=== Exercise instructions ===
Lines from the one containing "this 1500×1333 image." through the final line of the entries below: reproduce them exactly, all of them and only them.

(Task input begins)

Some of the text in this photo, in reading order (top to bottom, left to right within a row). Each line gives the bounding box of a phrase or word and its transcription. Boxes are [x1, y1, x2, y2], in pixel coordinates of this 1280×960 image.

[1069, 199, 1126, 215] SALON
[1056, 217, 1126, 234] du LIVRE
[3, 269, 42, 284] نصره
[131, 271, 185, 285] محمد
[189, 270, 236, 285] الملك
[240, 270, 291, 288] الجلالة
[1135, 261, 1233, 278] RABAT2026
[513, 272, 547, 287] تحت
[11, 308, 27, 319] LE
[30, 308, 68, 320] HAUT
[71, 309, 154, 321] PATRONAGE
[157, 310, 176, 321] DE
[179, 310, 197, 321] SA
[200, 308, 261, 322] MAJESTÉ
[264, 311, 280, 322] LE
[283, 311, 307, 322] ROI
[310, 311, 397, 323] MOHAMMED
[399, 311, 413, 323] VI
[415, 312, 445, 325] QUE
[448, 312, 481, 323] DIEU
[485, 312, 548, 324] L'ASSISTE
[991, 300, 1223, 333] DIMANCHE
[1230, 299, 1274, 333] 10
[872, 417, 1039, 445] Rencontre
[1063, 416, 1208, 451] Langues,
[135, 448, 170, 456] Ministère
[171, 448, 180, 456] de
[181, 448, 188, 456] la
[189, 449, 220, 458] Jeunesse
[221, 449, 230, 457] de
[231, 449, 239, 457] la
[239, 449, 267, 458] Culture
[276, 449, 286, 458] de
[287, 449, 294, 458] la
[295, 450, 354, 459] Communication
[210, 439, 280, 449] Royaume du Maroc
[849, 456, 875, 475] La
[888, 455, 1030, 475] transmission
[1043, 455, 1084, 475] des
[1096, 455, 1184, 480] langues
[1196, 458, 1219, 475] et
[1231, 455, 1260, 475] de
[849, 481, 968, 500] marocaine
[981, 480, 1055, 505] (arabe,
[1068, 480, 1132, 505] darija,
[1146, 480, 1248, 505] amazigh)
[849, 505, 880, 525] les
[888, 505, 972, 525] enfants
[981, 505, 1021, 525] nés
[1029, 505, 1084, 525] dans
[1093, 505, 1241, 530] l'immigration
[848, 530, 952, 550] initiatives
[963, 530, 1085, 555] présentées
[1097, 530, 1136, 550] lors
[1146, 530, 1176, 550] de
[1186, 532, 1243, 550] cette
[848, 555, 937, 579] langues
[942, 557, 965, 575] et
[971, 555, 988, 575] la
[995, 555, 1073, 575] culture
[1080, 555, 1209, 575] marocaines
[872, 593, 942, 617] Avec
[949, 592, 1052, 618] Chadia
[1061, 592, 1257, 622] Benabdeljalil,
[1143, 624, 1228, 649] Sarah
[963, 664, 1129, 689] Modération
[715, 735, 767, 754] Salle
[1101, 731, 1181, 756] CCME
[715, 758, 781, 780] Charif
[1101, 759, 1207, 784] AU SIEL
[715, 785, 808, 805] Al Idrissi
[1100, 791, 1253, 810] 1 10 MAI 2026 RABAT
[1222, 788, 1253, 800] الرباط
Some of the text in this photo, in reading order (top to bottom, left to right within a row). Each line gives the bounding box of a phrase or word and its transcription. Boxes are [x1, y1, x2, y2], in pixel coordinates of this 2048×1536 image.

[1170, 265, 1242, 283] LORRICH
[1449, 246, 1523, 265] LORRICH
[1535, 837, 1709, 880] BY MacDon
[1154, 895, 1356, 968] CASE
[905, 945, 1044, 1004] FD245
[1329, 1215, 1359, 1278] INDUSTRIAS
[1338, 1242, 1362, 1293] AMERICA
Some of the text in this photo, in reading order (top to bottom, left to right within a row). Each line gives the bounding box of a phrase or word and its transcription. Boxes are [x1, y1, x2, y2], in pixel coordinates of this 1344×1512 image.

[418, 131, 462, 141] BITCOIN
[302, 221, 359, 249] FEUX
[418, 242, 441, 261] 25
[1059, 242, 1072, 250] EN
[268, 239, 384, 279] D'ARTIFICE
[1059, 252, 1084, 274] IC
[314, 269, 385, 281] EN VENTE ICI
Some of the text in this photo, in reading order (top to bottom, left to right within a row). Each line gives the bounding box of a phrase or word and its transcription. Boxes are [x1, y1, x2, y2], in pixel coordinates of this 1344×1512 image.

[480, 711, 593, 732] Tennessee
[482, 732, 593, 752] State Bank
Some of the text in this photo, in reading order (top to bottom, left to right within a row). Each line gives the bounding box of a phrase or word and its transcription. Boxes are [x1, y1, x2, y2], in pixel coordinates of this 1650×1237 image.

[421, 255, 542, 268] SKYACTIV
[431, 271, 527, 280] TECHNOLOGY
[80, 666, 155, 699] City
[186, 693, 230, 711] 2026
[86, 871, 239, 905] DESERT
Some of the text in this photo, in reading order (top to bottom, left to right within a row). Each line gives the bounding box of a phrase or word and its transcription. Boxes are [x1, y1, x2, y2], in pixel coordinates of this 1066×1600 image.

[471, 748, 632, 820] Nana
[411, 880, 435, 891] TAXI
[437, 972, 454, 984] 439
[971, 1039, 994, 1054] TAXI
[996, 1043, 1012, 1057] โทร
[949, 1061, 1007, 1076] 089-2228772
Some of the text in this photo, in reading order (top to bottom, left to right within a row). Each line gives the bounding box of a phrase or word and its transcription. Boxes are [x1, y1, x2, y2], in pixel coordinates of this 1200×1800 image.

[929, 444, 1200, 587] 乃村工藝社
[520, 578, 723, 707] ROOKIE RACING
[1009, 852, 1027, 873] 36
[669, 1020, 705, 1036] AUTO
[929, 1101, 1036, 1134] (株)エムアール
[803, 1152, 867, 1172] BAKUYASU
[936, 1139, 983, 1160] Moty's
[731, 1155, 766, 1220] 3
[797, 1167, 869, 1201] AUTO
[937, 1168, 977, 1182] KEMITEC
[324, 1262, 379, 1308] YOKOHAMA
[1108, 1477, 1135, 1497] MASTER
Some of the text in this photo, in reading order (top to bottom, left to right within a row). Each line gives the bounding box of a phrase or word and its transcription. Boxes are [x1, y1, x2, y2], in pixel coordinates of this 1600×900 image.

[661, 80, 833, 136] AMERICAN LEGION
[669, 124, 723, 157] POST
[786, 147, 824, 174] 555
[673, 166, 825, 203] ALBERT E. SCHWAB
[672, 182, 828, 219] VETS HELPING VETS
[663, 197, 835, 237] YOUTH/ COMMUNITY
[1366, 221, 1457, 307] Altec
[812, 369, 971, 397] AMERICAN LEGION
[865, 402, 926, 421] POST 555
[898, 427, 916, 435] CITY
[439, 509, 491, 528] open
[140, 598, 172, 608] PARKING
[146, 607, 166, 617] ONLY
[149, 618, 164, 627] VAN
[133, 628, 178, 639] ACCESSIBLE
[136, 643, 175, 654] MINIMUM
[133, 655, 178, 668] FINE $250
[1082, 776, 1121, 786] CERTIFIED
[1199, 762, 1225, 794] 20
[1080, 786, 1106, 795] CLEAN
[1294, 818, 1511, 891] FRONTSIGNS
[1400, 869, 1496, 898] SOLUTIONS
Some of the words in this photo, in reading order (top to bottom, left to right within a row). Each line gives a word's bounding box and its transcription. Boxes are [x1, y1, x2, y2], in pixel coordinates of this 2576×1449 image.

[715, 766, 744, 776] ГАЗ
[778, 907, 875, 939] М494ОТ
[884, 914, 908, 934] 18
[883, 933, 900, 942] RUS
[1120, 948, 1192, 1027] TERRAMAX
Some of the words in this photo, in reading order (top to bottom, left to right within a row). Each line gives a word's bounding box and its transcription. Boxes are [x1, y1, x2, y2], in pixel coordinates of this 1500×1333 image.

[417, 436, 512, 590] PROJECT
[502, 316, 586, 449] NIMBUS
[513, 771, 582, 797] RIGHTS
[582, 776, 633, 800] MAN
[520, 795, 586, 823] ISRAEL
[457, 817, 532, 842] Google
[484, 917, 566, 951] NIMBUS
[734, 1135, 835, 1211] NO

(Task input ends)

=== Exercise answer ===
Some of the words in this photo, in reading order (top to bottom, left to right within a row). Each line gives a word's bounding box and its transcription. Boxes are [x1, y1, x2, y2], in pixel coordinates of this 1500×1333 image.

[417, 436, 512, 590] PROJECT
[502, 316, 586, 449] NIMBUS
[513, 771, 582, 797] RIGHTS
[582, 776, 633, 800] MAN
[520, 795, 586, 823] ISRAEL
[457, 817, 532, 842] Google
[484, 917, 566, 951] NIMBUS
[734, 1135, 835, 1211] NO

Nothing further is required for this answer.